Elect Exiles?: The Role of Suffering in 1 Peter (Part 3)

When I think about the ways that Christians around the world, throughout time, have suffered it makes me glad to live in the U.S. in the 21st century. From almost the dawn of the church persecution was poured out on her. Emperor Nero not only threw Christians to the lions, but he would tar them and set them on fire to light up his garden parties. And Emperor’s Domitian and Trajan set out on empire wide campaigns to kill and torture Christians. In light of such dreadful suffering I can’t help but wonder how 1 Peter can speak so positively of it. Peter has said that suffering is “according to the foreknowledge of God the Father,” and that it’s “in the sanctification of the Spirit,” and now lastly he says it is “in obedience to Jesus.” How is “suffering” obedience to Jesus? That’s what I want to unpack today.

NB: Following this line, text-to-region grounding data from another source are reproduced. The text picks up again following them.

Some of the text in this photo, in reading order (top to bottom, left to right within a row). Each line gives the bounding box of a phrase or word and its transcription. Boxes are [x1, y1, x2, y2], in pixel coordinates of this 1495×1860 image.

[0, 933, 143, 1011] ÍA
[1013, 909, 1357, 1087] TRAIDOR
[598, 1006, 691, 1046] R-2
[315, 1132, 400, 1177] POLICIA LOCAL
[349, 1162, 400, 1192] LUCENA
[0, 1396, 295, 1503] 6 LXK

It is certainly true, of course that Jesus suffered. Peter reminds us that he is an example. He writes, “For to this you have been called, because Christ also suffered for you, leaving you an example, so that you might follow in his steps” (1 Peter 2:21). So the way we suffer, according to Peter is how we follow in his footsteps. As he suffered, so we should expect to suffer. Jesus said made the very same claim, saying, “Remember the word that I said to you: ‘A servant is not greater than his master.’ If they persecuted me, they will also persecute you. If they kept my word, they will also keep yours” (John 15:20). Part of what it means to obey Jesus, then, is to endure suffering. But it’s more than just going through it. It is going through in a manner that imitates our Lord. So how we suffer is important.

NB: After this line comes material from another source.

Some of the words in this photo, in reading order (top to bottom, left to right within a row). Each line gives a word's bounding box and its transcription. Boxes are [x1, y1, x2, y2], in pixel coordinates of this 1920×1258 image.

Here, Peter tells us to suffer like our Lord Jesus because it points unbelievers to God. On the one hand there is the potential that in seeing a Christian suffer they may glorify God. Peter writes, “Keep your conduct among the Gentiles honorable, so that when they speak against you as evildoers, they may see your good deeds and glorify God on the day of visitation” (1 Peter 2:12). If we are faithful to Jesus through our suffering that is an unusual sight, and it points people to the power of the gospel. On the other hand, though, Peter also says that how we suffer is a judgment on the unbeliever. In 3:16 he says that if our “good behavior in Christ” is reviled then those who do so will be put to shame. He adds a very startling passage in chapter 4. He writes:

16 Yet if anyone suffers as a Christian, let him not be ashamed, but let him glorify God in that name.  17 For it is time for judgment to begin at the household of God; and if it begins with us, what will be the outcome for those who do not obey the gospel of God?  18 And “If the righteous is scarcely saved, what will become of the ungodly and the sinner?” (1 Peter 4:16-18)

He asks, if even the believers are judged at some level, how will it be for those who have rejected Christ? It’s a serious and somewhat scary question. And how we suffer as Christians, either in obedience to Jesus or not, can drive unbelievers to consider such questions.

Our suffering is an important part of our obedience to Jesus. It proves our faith, in strengthens our faith, and it models for others that faith. It makes us more like our savior who suffered righteously, though he was innocent of all wrong. It is part of what it means to follow Jesus. If you would follow him, Jesus says, you will suffer. And Peter knows the lessons of his master well, so he writes to you and I to suffer in obedience to Jesus.